Improvements of Some Pharmaceutical Properties of Aralkylalcohols by Cyclodextrin Complexation

Abstract

Inclusion complexations of 13 aralkylalcohols with 3 cyclodextrins (.alpha.-, .beta.-, .gamma.-CyD) in water and in solid state were assessed by the solubility method, spectroscopies (UV, circular dichroism (CD), IR, 1H-NMR), X-ray diffractometry and thermal analyses (DTA, TG). The volatility of aralkylalocohols was significantly retarded by the formation of solid complexes, where the molar ratios (guest:host) of the complexes were generally 1:2 and 1:1 for .alpha.- and .beta.-CyD systems, respectively. In the presence of CyD, an increase in inhibitory-zone diameter of aralkylalcohols including 2,4-dichlorobenzyl alcohol (DCBA) was observed by cup-plate method, and no reduction of their antimicrobial activities was found.
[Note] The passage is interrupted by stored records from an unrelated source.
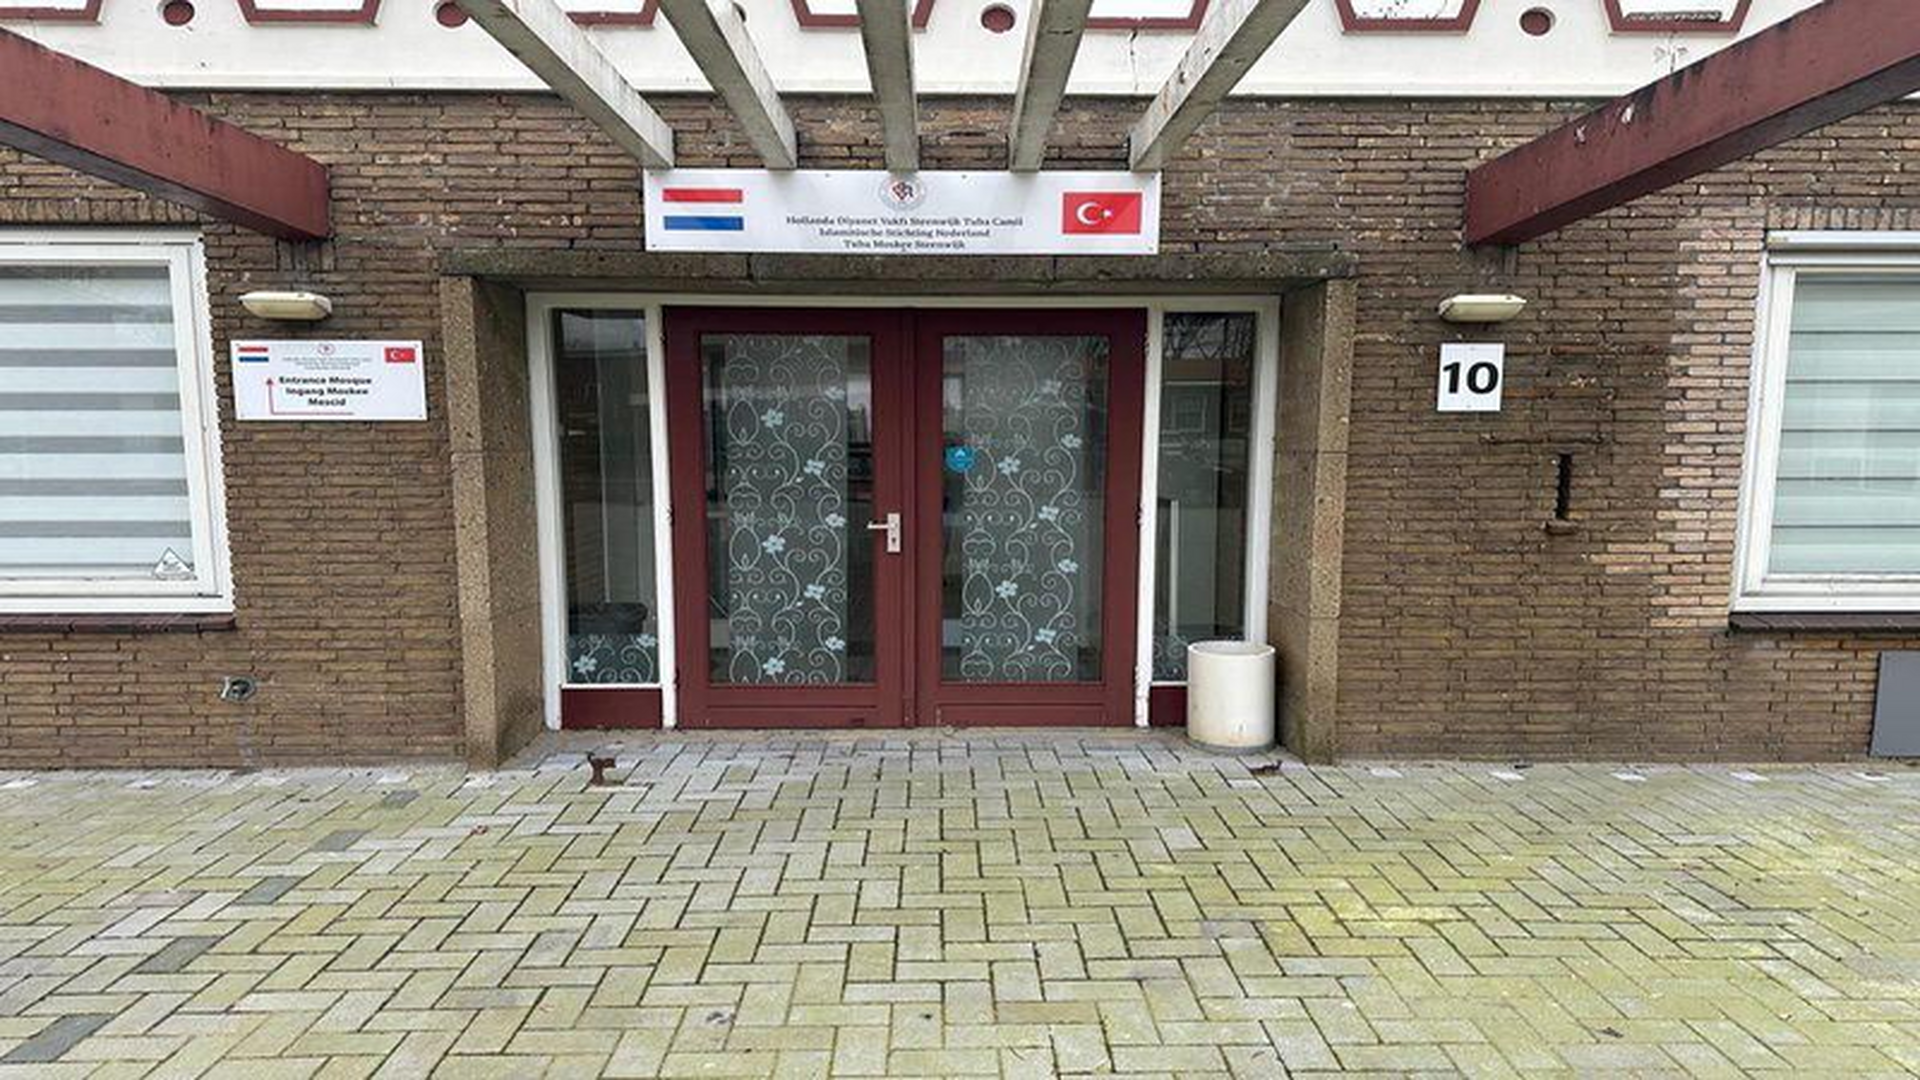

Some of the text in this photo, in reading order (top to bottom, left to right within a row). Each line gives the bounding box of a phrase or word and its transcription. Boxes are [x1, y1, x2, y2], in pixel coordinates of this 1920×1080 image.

[962, 217, 990, 225] Tuba
[885, 228, 934, 238] Stichting
[936, 228, 990, 236] Nederland
[279, 376, 372, 386] Entrance Mosque
[1443, 361, 1499, 395] 10
[286, 387, 369, 397] Ingang Moskee
[308, 398, 347, 406] Mescid
The dissolution rate and permeation behavior of DCBA through a cellophane membrane were dependent on the solubility of solid samples (DCBA alone > .beta.-CyD complex > .gamma.-CyD complex). The apparent release of DCBA from poorly soluble .beta.-CyD complex was significantly improved by the addition of .alpha.-CyD into the dissolution medium. CyD complexation may be useful to improve some pharmaceutical properties of aralkylcohols without reduction of their antimicrobial activities.